Elastography – The technique has been shown to distinguish benign from malignant breast lesions successfully. It is a method to quantify ‘manual palpation’ ultrasonically: the stiffer a lesion, the more likely it is malignant. Much of the published work has concentrated on providing colour maps of the area of stiffness of a lesion and surrounding tissues. Toshiba has added this capability to the Aplio, but provides an extra dimension by allowing time elasticity graphs to be plotted over a region of interest in the compression or relaxation cycles. By quantifying elasticity it removes the subjectivity of colour maps and some recent pilot studies (as yet unpublished) have suggested that the ratio of the adjacent normal fatty breast tissue to the lesion can be an indicator of malignancy when the ratio is at least 10. However, there are exceptions to the rule, particularly if a malignant lesion is necrotic or in cysts, which can also show stiffness. Fig. 2 displays the elastograph map and graph of a breast carcinoma.
Volume imaging – Another area of US development has been the ability to generate 3-D volumetric images with high frequency probes. Particularly successful in obstetrics, this has yet to find its clinical application in general imaging. However, it has become apparent that the coronal plane reformatted images of breast cancers provides an appreciation of the retraction of a lesion and perhaps gives a better estimation of the true size and extent of the mass. Further trials are needed to assess whether this really does provide a better representation of tumour size. Fig. 3 shows the extent of a carcinoma with the ‘finger like’ projections closely resembling those seen on the MRI images. 3-D elastography techniques have also been suggested to be helpful in assessing breast mass lesions.

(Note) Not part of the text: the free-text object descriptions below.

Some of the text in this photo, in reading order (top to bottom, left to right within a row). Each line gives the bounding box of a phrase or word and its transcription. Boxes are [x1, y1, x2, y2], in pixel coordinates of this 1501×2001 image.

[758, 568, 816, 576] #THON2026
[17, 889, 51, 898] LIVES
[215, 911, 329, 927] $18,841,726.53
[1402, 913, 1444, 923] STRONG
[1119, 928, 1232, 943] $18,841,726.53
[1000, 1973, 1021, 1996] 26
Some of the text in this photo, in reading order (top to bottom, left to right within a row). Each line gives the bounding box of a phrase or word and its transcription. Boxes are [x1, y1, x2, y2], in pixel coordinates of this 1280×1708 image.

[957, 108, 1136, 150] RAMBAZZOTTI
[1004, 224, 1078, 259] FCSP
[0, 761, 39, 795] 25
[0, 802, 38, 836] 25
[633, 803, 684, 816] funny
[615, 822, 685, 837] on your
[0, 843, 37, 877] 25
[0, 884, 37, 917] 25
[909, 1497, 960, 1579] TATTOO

Contrast enhanced ultrasound – Although US contrast agents have an established use in abdominal studies, particularly for characterising focal liver lesions, they have
yet to find their niche with superficial lesions and high frequency scanning, particularly for breast lesions. Fig. 4 shows how the enhancement pattern and angiogenic vessels of a malignant tumour can be depicted with microbubble enhancement. It remains controversial as to how much this adds for distinguishing benign from malignant lesions, since breast biopsies are easily performed with few complications or significant morbidity. The role of contrast enhancement may therefore not be major; however, it may find a role in assessing response to treatment.

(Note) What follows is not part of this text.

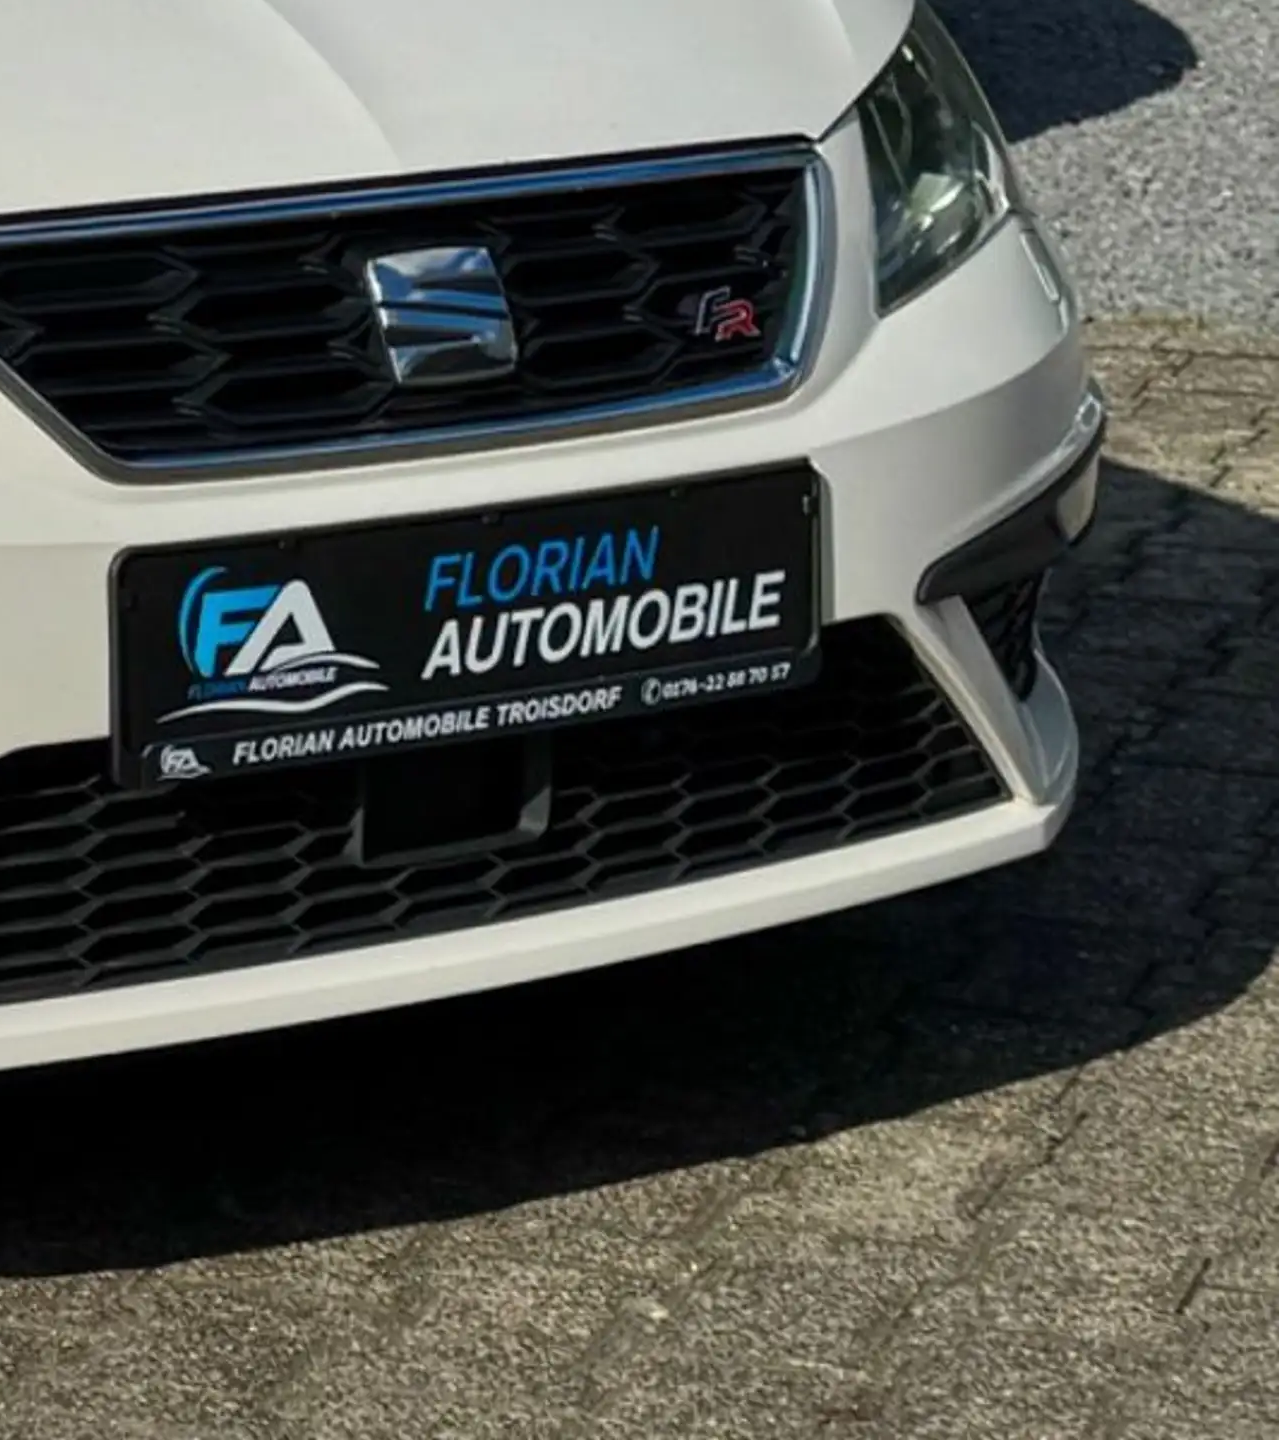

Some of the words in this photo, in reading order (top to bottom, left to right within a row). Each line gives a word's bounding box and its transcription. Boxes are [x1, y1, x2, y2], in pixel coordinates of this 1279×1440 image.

Conclusion – There is immense potential for the latest developments in breast ultrasonography, in particular Micropure and elastography time/stiffness curves, which provides quantification and does not rely solely on subjective visualisation. Together with the 4-D and small parts contrast capabilities, the new version 3 Aplio XG provides the radiologist with a great armamentarium for evaluating complex breast lesions.
It is not envisaged that Micropure would replace mammography in screening for microcalcifications, but the ability to biopsy microcalcifications under US guidance, and thus obviating the need for stereotactic biopsies, would be of notable value. The ability to depict the true extent of malignant breast tumours more accurately with elastography, 4-D imaging and the use of microbubbles would not only help surgical management but also has potential in assessing response to chemotherapeutic treatment, thereby aiding the oncologist.
The potential of these techniques to detect problematic breast tumours such as lobular or multifocal breast carcinomas, as well as in screening, should be fully investigated. Ultimately, these latest developments require multicentre studies to evaluate their true value and potential.